AVCA’s petition to Parliament requested ‘That the House of Representatives debate the Government’s proposal to limit flavoured nicotine e-liquids to mint, menthol and tobacco’.
“Now in law, general and online-only vape retailers will soon only be allowed to sell just three vape flavours. Adults, however, love flavours - that’s how they successfully switch from cigarettes, but our politicians weren’t listening.
“Parliament unfortunately sided with the opponents’ emotion not the evidence. Let’s just hope New Zealand’s record-low smoking rate doesn’t start rising. MPs have been warned,” says Nancy Loucas.
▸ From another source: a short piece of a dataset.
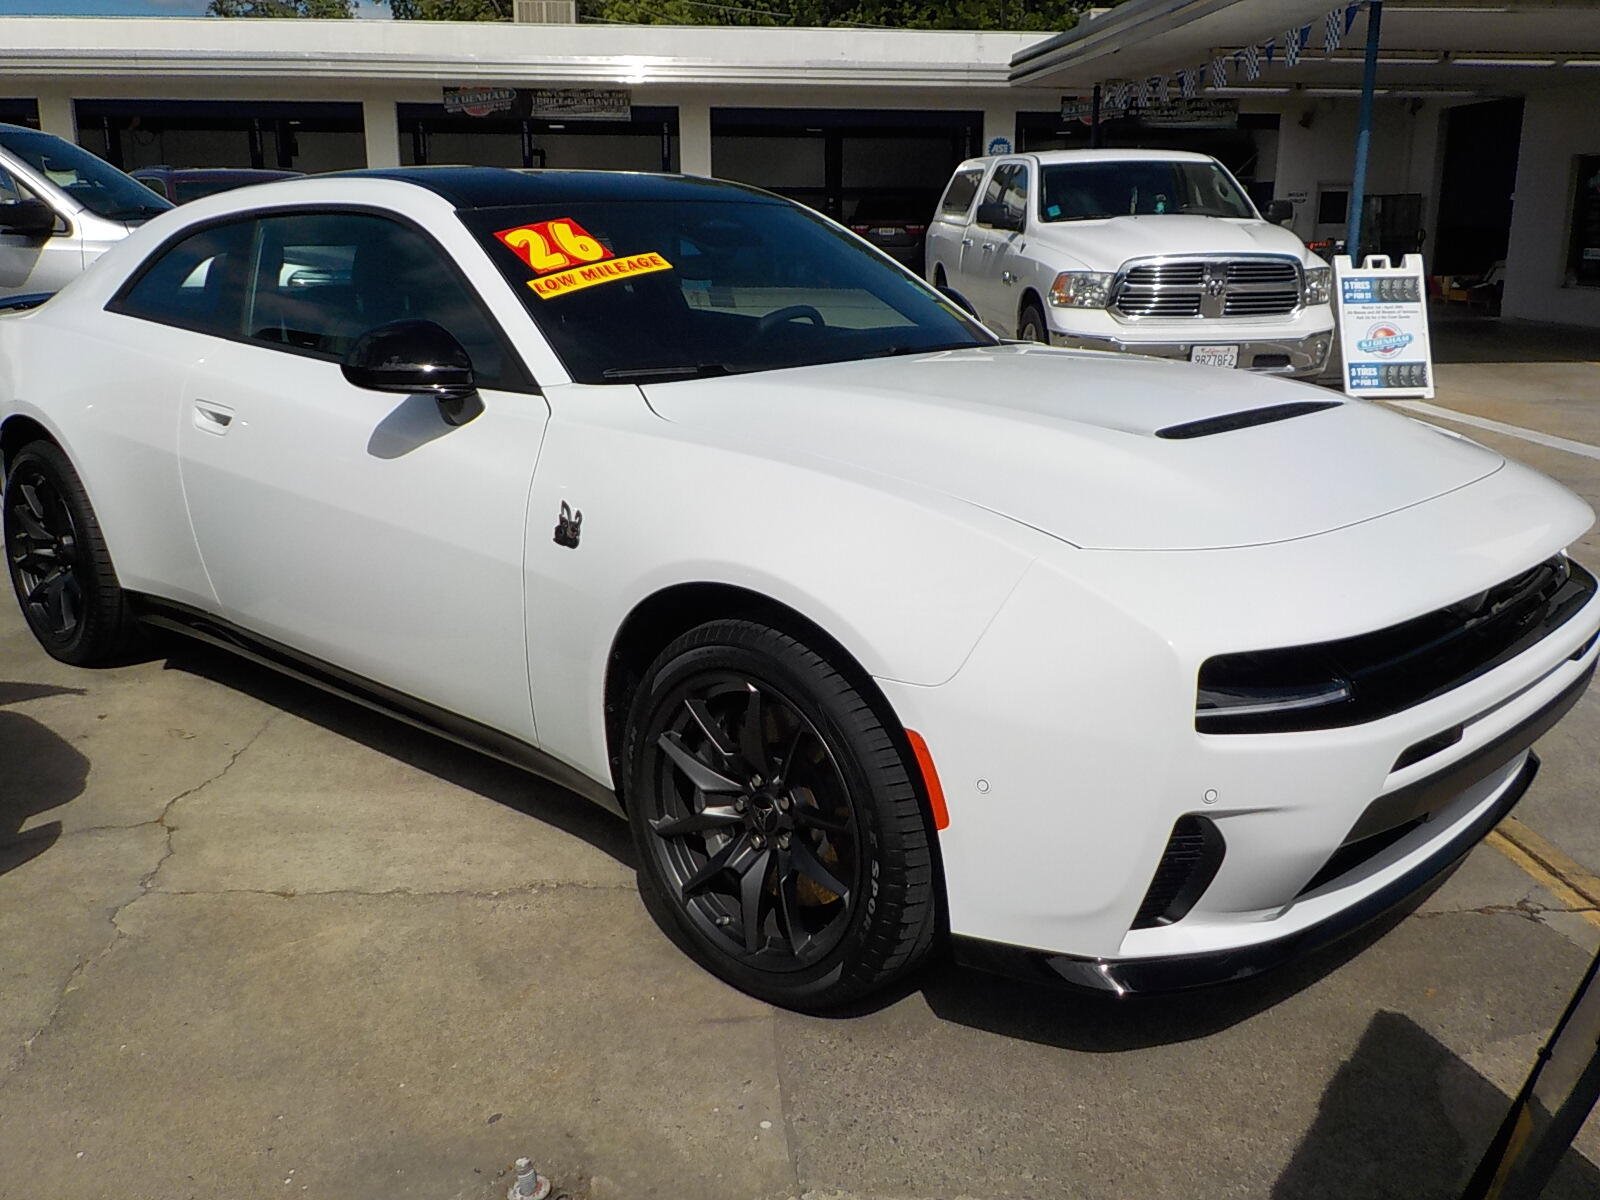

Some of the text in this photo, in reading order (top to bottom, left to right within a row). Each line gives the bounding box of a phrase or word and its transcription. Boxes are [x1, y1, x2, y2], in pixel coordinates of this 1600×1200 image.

AVCA was formed in 2016 by vapers across New Zealand wanting their voices heard in local and central government. All members are former smokers who promote vaping to help smokers quit - a much less harmful alternative to combustible tobacco products. AVCA does not have any affiliation or vested interest in industry - tobacco, pharmaceutical and/or the local vaping manufacturing or retail sectors.
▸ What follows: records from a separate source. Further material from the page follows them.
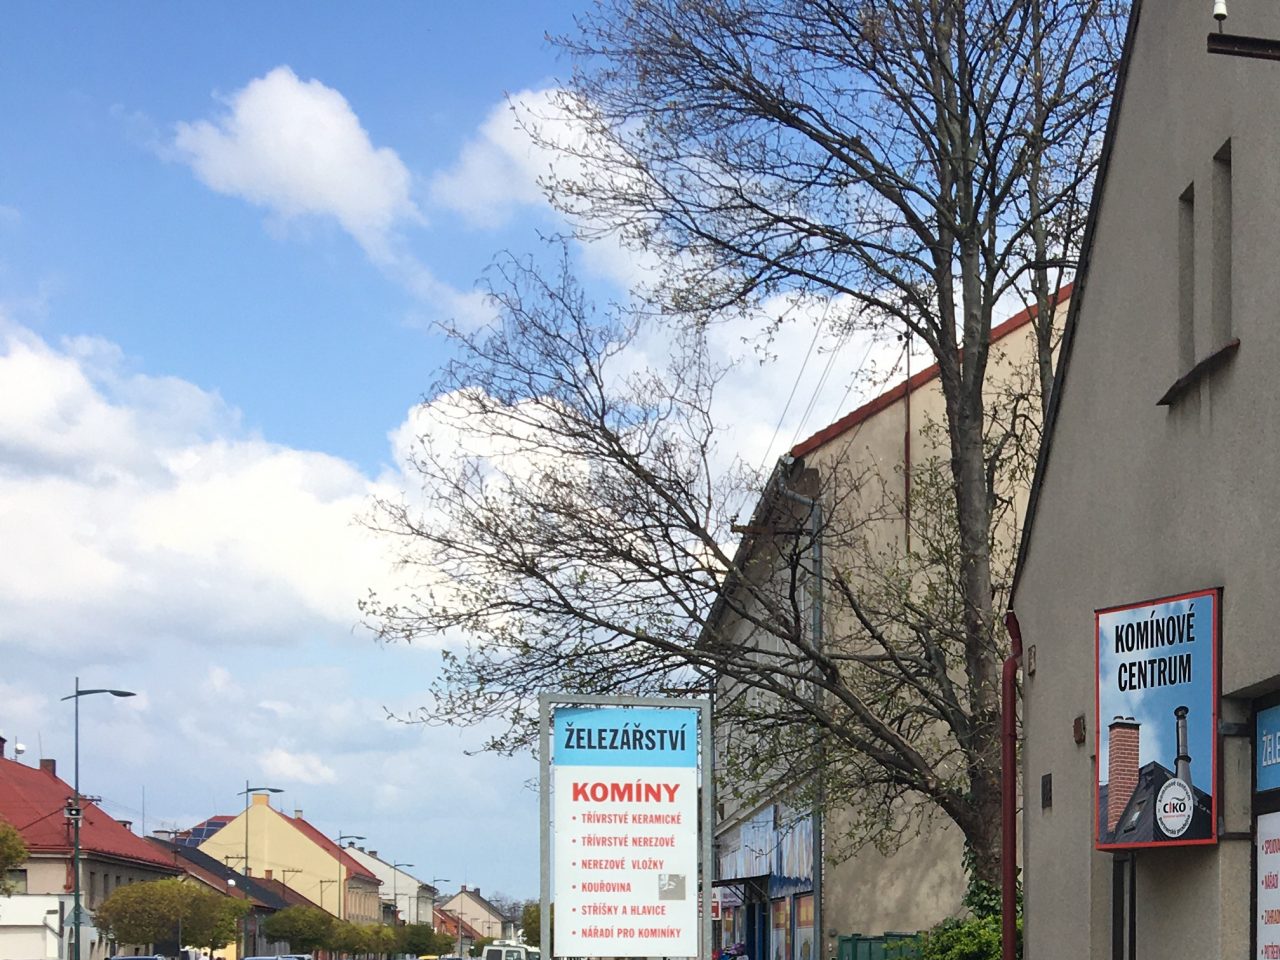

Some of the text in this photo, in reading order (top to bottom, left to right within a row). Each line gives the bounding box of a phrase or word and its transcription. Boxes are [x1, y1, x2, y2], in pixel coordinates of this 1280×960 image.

[1115, 604, 1195, 654] KOMÍNOVÉ
[1118, 654, 1192, 692] CENTRUM
[564, 722, 687, 751] ŽELEZÁŘSTVÍ
[572, 779, 681, 803] KOMÍNY
[1163, 801, 1186, 814] CIKO
[581, 810, 682, 825] TŘÍVRSTVÉ KERAMICKÉ
[581, 834, 675, 848] TŘÍVRSTVÉ NEREZOVÉ
[581, 857, 664, 870] NEREZOVÉ VLOŽKY
[581, 880, 631, 893] KOUŘOVINA
[581, 902, 666, 916] STŘÍŠKY A HLAVICE
[581, 925, 681, 939] NÁŘADÍ PRO KOMINÍKY
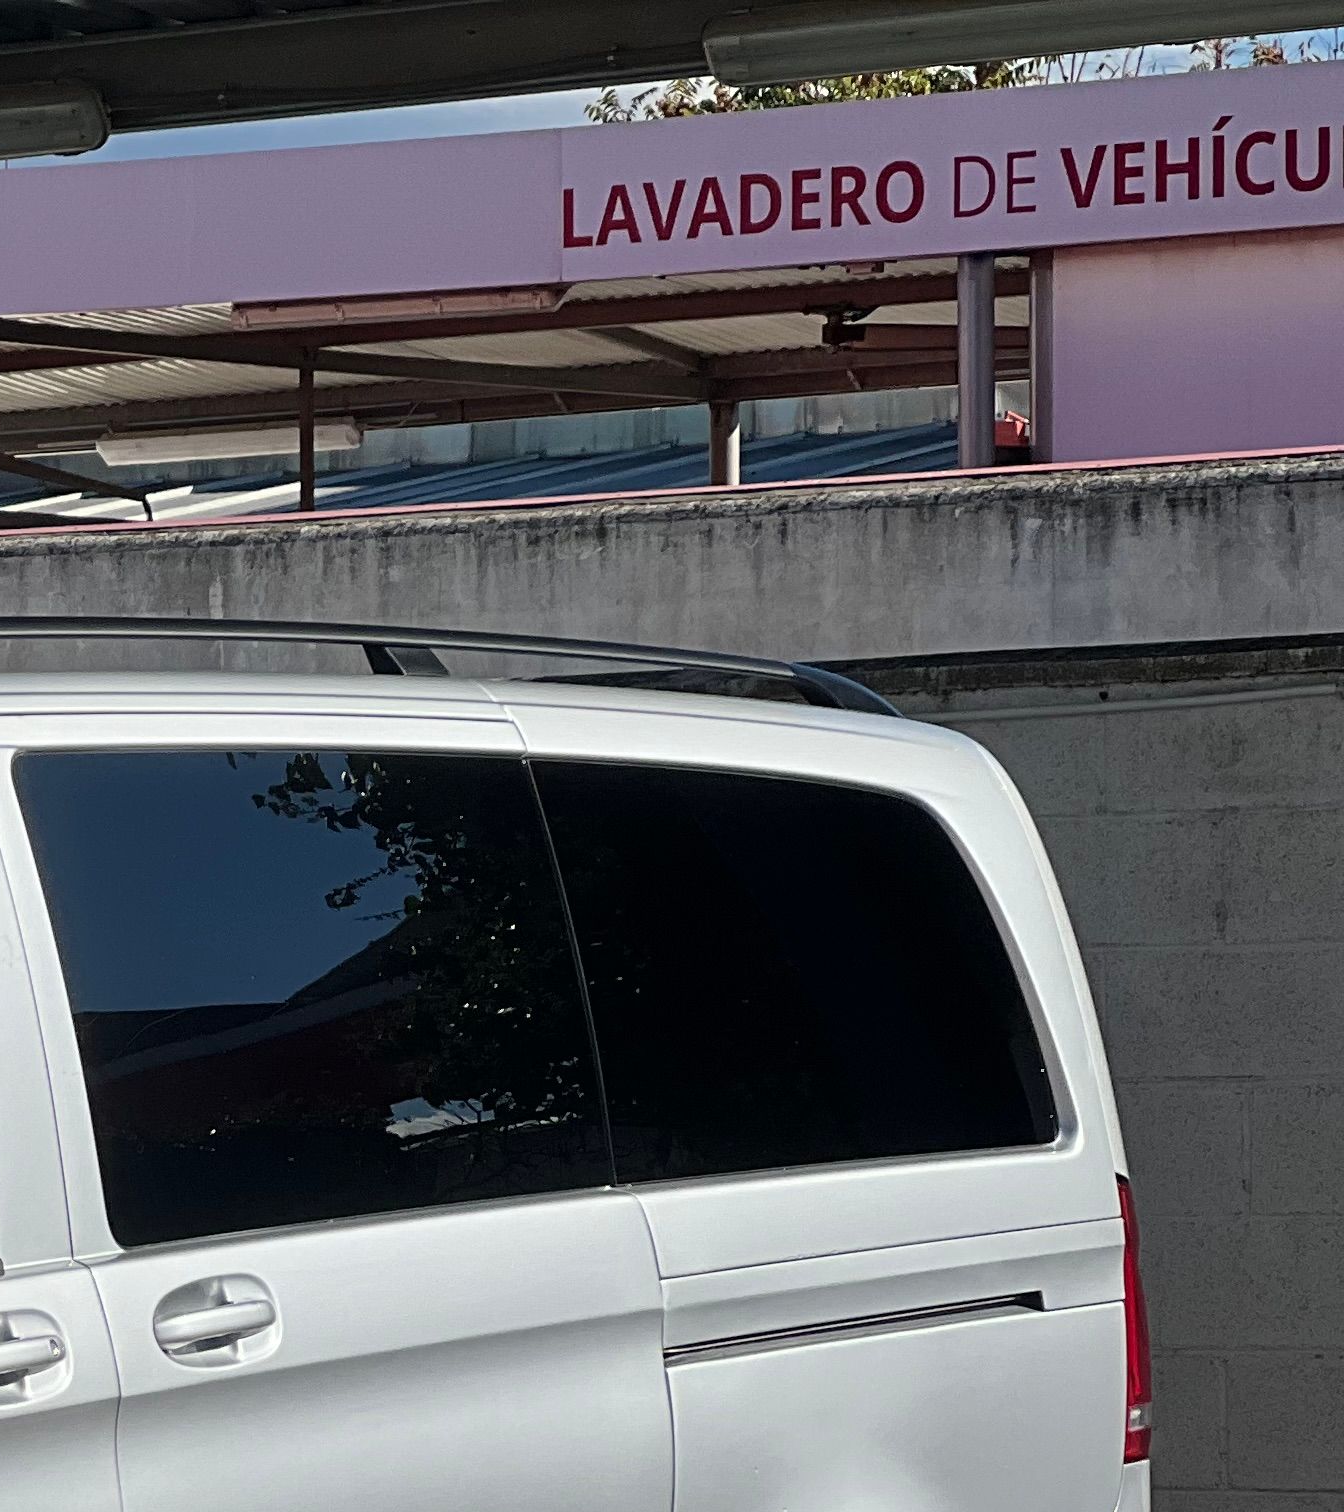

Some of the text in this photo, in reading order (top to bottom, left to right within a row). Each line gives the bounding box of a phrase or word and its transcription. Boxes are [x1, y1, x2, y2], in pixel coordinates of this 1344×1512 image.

[562, 114, 1344, 249] LAVADERO DE VEHÍCU
Trade body VTANZ also joined in the condemnation of the bill and also demanded the Government to turn its attention to across the Tasman and support their fellow ANZACs to lower their higher smoking rates.
“We now want our New Zealand MPs to positively encourage the Australian Federal Government to follow suit and legalise and regulate vaping. Our Government needs to also raise its concerns over Australia’s decision to ban the importation of all e-cigarette products containing nicotine from 1 January 2021. Such a move will not only cost Australian lives, as more stick to smoking, but it will cost New Zealand jobs,” says Mr Devery.
Jonathan Devery, spokesperson of the Vaping Trade Association of New Zealand (VTANZ), says vaping has been key to New Zealand achieving record-low smoking rates, and despite the latest legislation’s shortcomings, the country must stay laser focused on its smokefree ambition.
He says despite the bill passing, it’s disappointing so much uncertainty around the regulations remains for local businesses. The representative body says it’s essential the industry now has the opportunity to work with the Ministry of Health to provide expert input on the regulations.
Mr Devery says the process around such a key piece of legislation has been flawed since day one. He is now calling on Associate Health Minister Jenny Salesa to provide clarity to the Kiwi vape industry on complex regulatory detail, give assurance the industry will be closely consulted, and implementation timelines will be workable.
“We’ve been calling for regulation for over five years so it’s deeply disappointed that it ended up being rushed through before the election. That follows the public submission period being shortened and oral submitters having to present to the Health Select Committee via teleconference,” he says.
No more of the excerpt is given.